PROVIDED INFORMATION Block Start
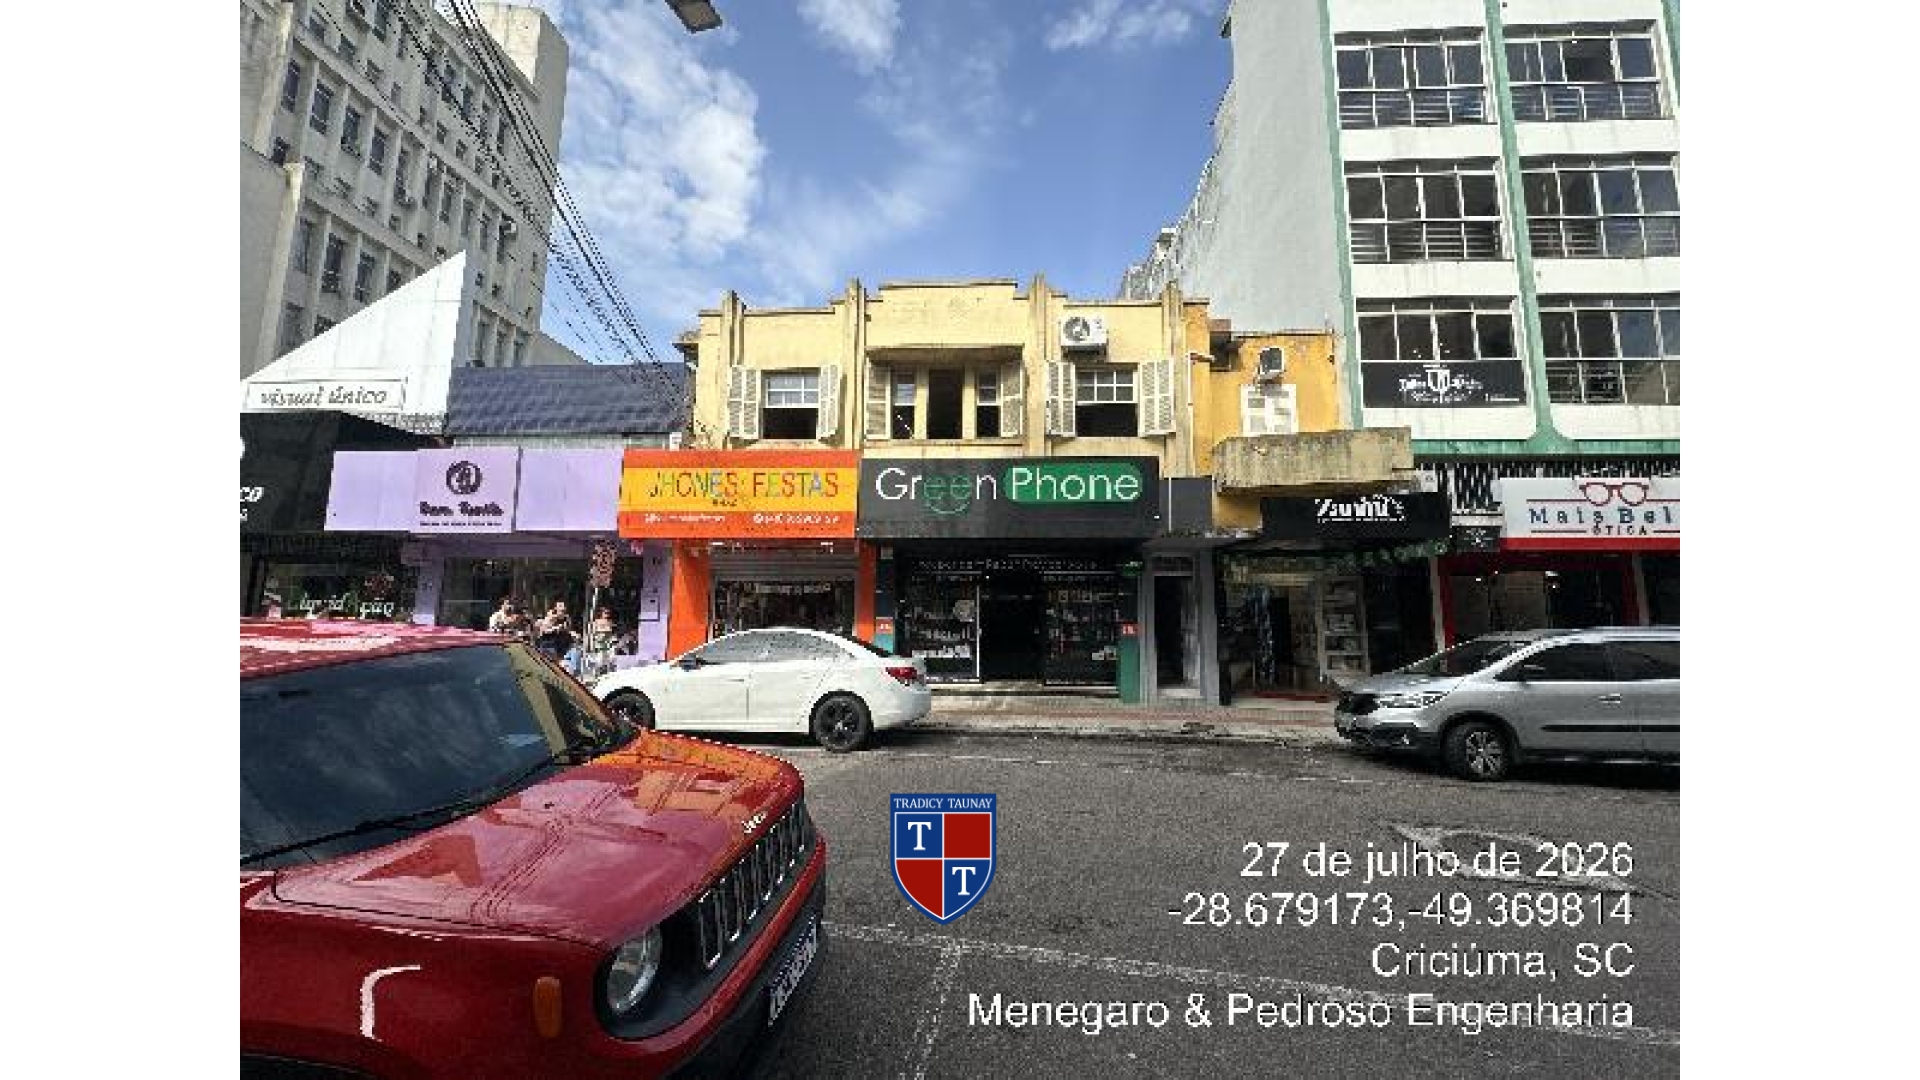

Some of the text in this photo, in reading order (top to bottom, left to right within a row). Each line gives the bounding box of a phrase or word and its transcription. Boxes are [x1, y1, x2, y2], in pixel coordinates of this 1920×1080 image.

[260, 385, 387, 406] visual único
[649, 472, 839, 498] JHONES FESTAS
[875, 467, 1140, 501] Green Phone
[1528, 507, 1604, 524] Mais
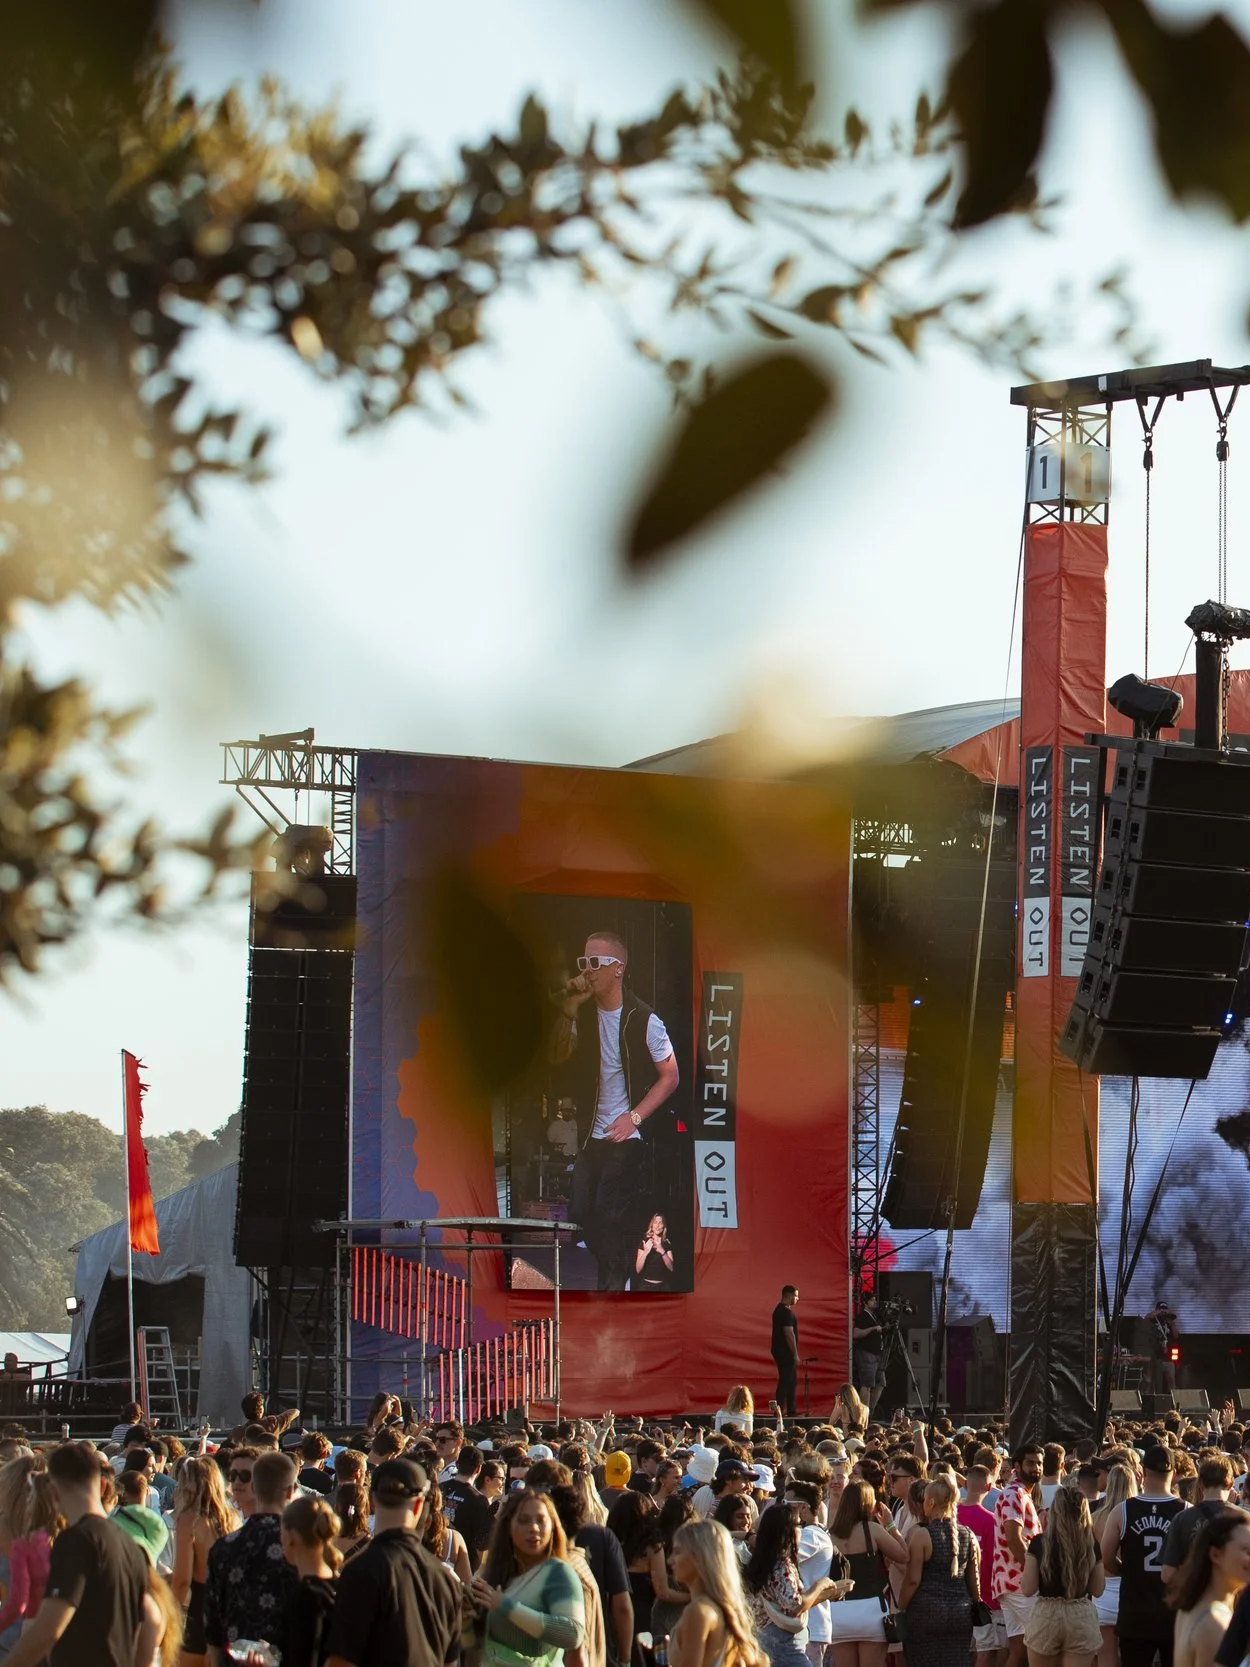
PROVIDED INFORMATION Block End
**BRIEF:**
Transcribe all the lines above exactly; any image among them is skipped.

**REPLY TO THE EXERCISE:**
Some of the text in this photo, in reading order (top to bottom, left to right within a row). Each line gives the bounding box of a phrase or word and its transcription. Boxes are [x1, y1, x2, y2], in pixel coordinates of this 1920×1080 image.

[260, 385, 387, 406] visual único
[649, 472, 839, 498] JHONES FESTAS
[875, 467, 1140, 501] Green Phone
[1528, 507, 1604, 524] Mais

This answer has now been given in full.